Records shown START

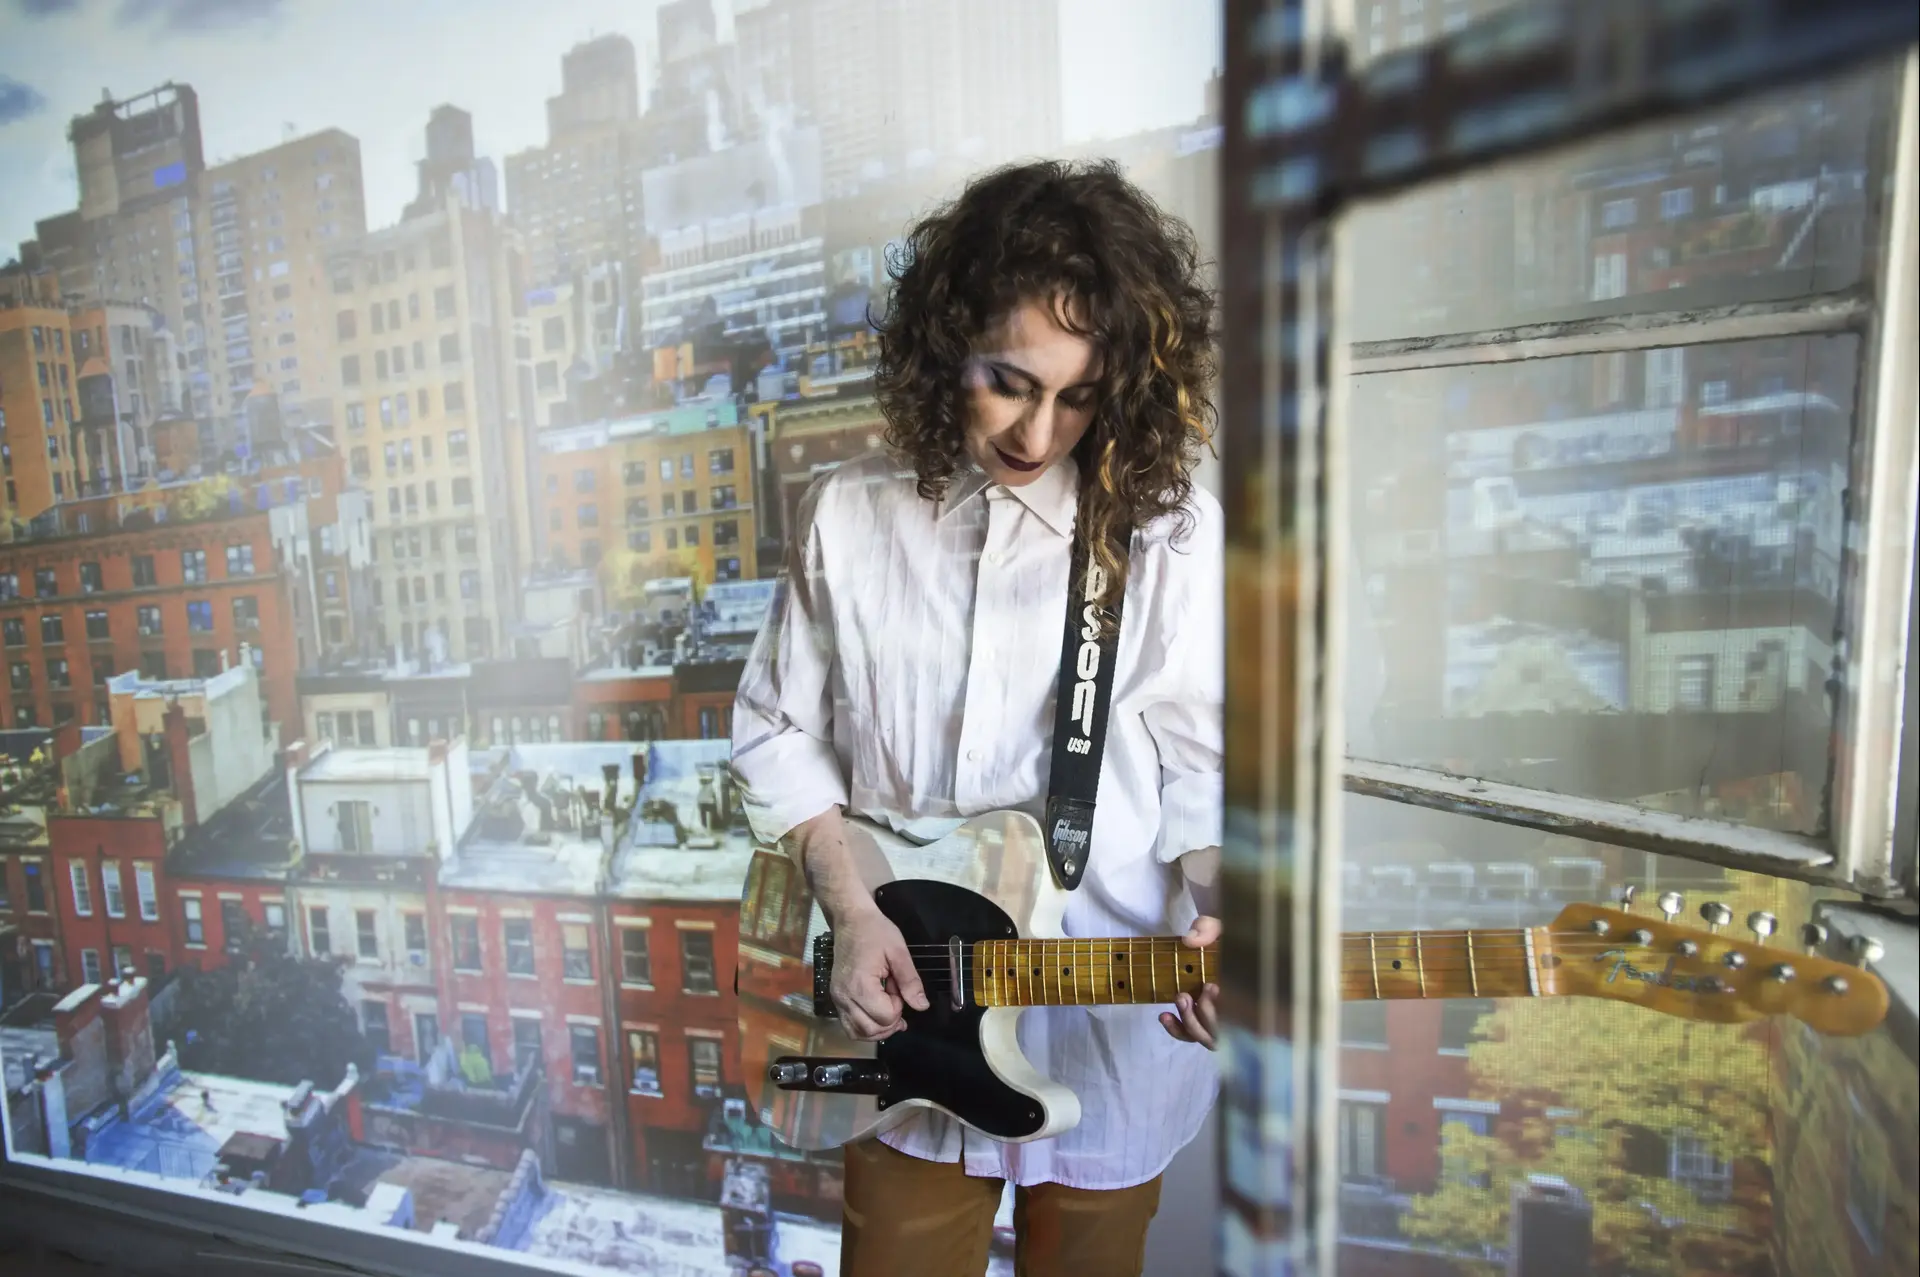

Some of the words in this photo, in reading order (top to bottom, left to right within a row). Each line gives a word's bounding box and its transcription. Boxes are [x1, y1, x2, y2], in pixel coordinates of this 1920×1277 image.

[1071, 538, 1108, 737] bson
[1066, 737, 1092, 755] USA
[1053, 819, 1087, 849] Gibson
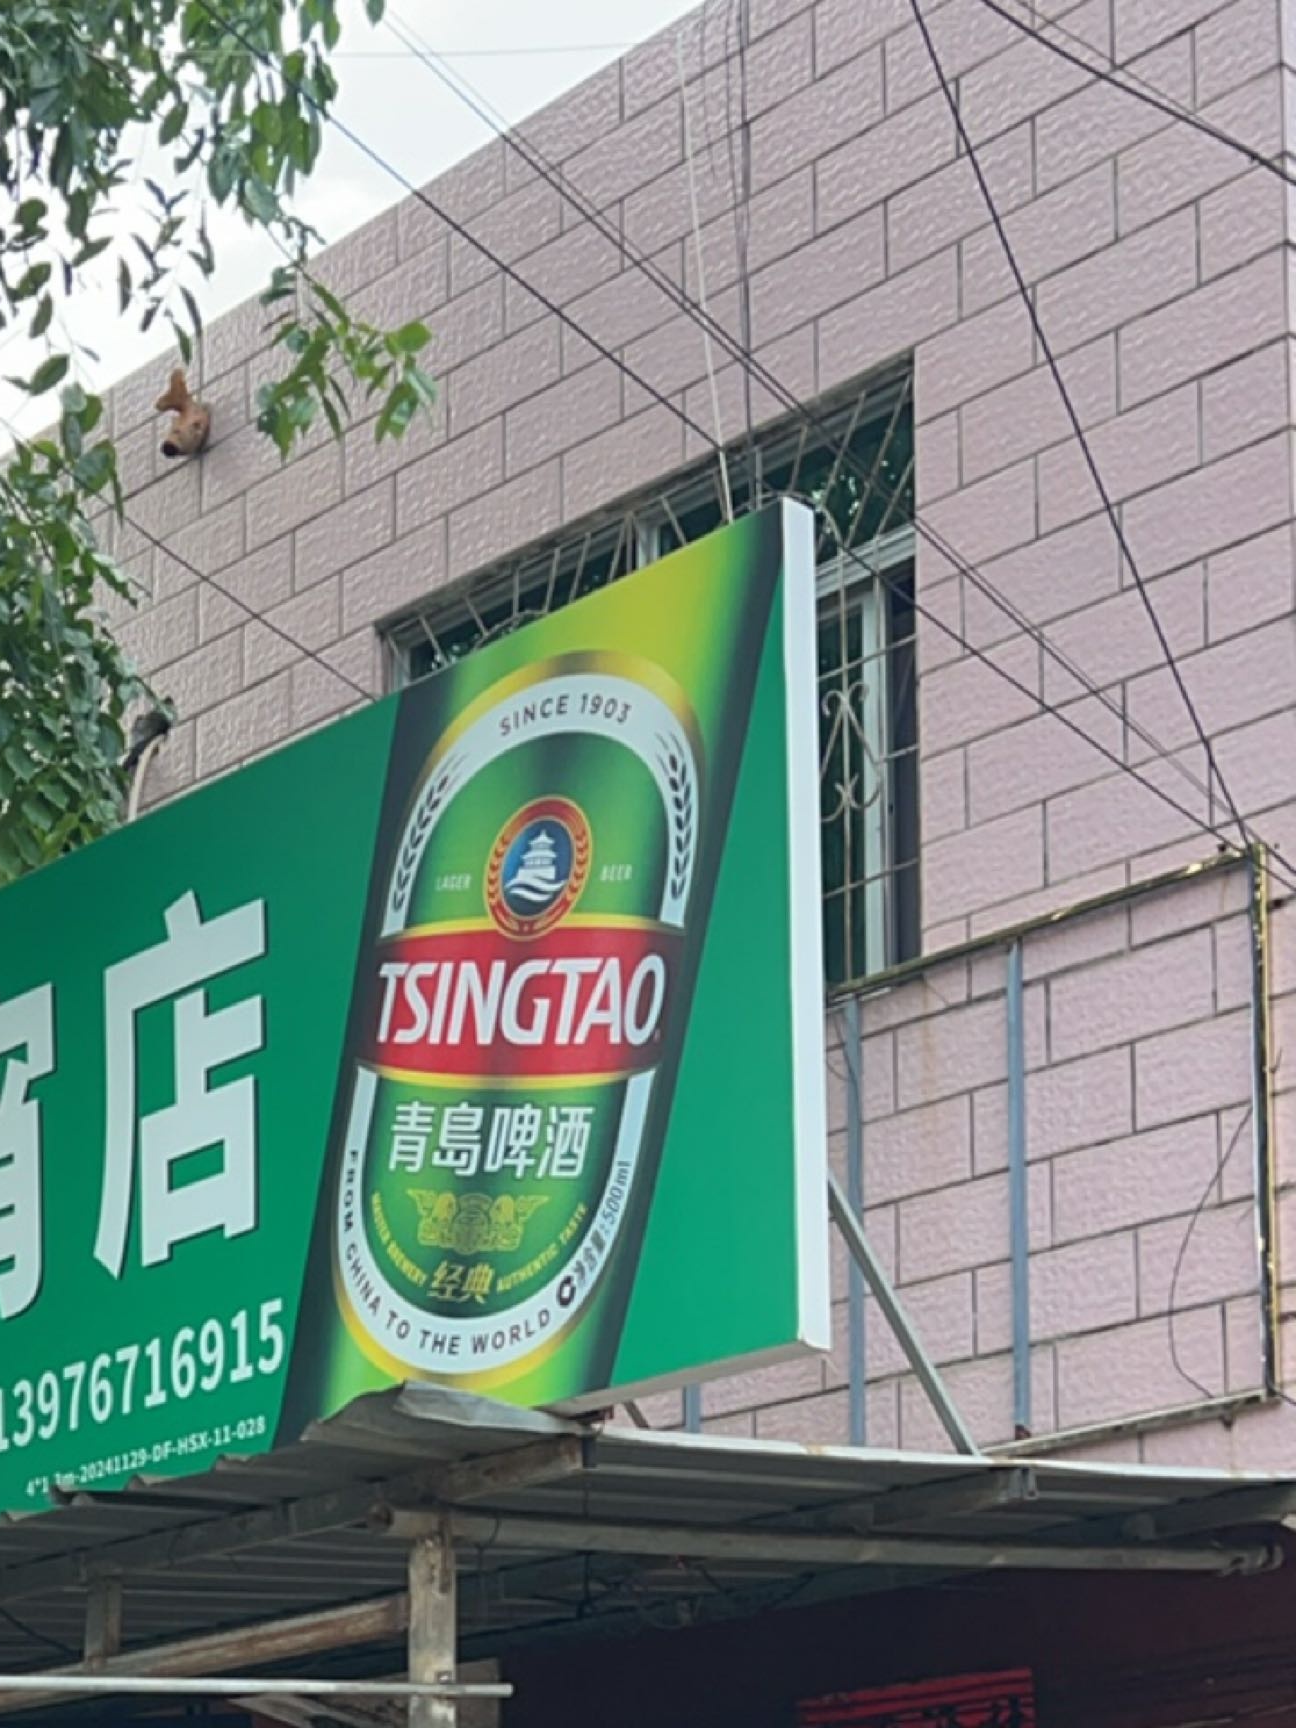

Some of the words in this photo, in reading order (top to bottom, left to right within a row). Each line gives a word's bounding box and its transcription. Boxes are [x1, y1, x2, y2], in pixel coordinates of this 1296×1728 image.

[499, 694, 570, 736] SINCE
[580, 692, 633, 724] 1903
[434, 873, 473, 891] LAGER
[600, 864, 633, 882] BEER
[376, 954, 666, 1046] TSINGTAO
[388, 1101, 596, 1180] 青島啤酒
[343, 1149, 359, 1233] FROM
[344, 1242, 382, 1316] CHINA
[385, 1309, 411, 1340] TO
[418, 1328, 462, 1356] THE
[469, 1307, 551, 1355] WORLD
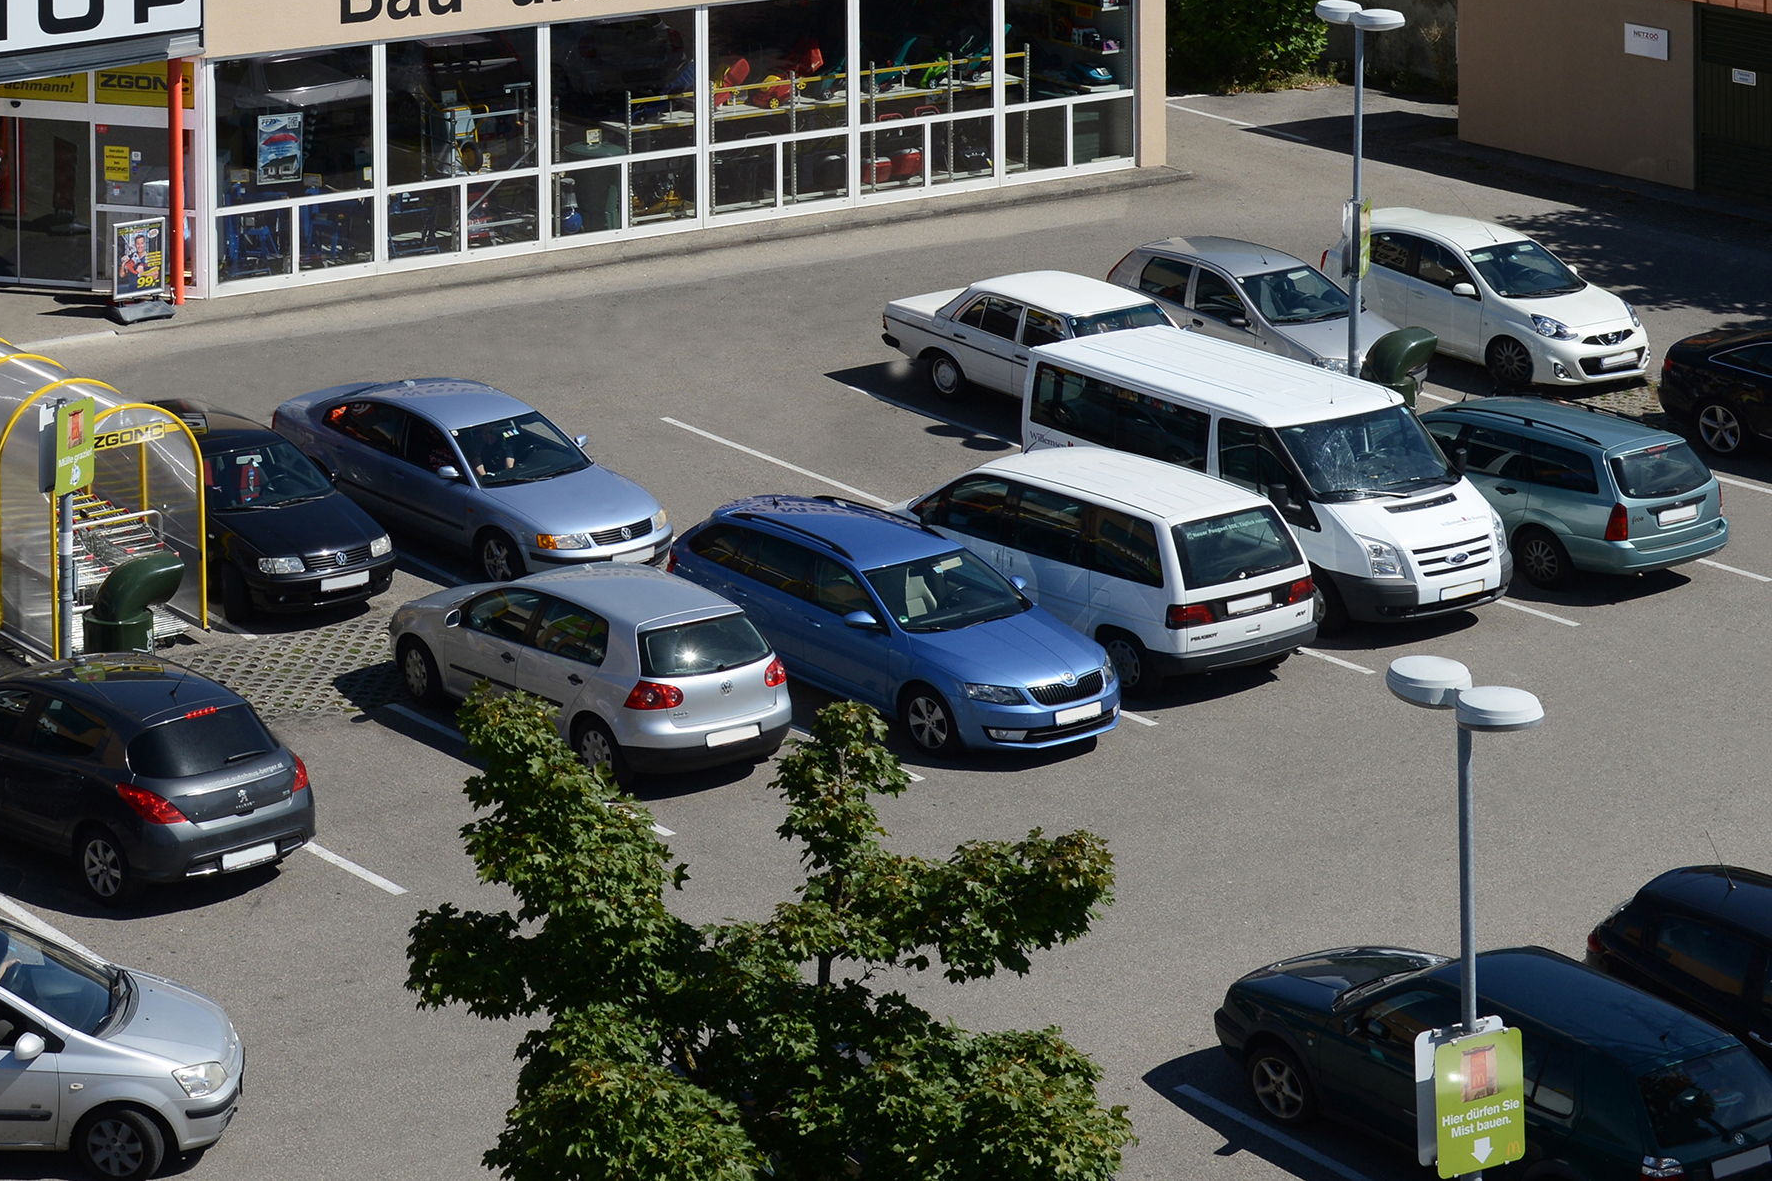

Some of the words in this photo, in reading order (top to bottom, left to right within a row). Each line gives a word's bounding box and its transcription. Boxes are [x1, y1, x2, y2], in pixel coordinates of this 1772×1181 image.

Records shown END

◆ Work item ◆
A verbatim copy of every record above is required, with all pictures omitted.

◆ Completed task ◆
Some of the words in this photo, in reading order (top to bottom, left to right within a row). Each line gives a word's bounding box and its transcription. Boxes are [x1, y1, x2, y2], in pixel coordinates of this 1920×1277 image.

[1071, 538, 1108, 737] bson
[1066, 737, 1092, 755] USA
[1053, 819, 1087, 849] Gibson

Some of the words in this photo, in reading order (top to bottom, left to right within a row). Each line gives a word's bounding box and its transcription. Boxes are [x1, y1, x2, y2], in pixel coordinates of this 1296×1728 image.

[499, 694, 570, 736] SINCE
[580, 692, 633, 724] 1903
[434, 873, 473, 891] LAGER
[600, 864, 633, 882] BEER
[376, 954, 666, 1046] TSINGTAO
[388, 1101, 596, 1180] 青島啤酒
[343, 1149, 359, 1233] FROM
[344, 1242, 382, 1316] CHINA
[385, 1309, 411, 1340] TO
[418, 1328, 462, 1356] THE
[469, 1307, 551, 1355] WORLD

Some of the words in this photo, in reading order (top to bottom, left to right within a row). Each line gives a word's bounding box and its transcription. Boxes are [x1, y1, x2, y2], in pixel coordinates of this 1772×1181 image.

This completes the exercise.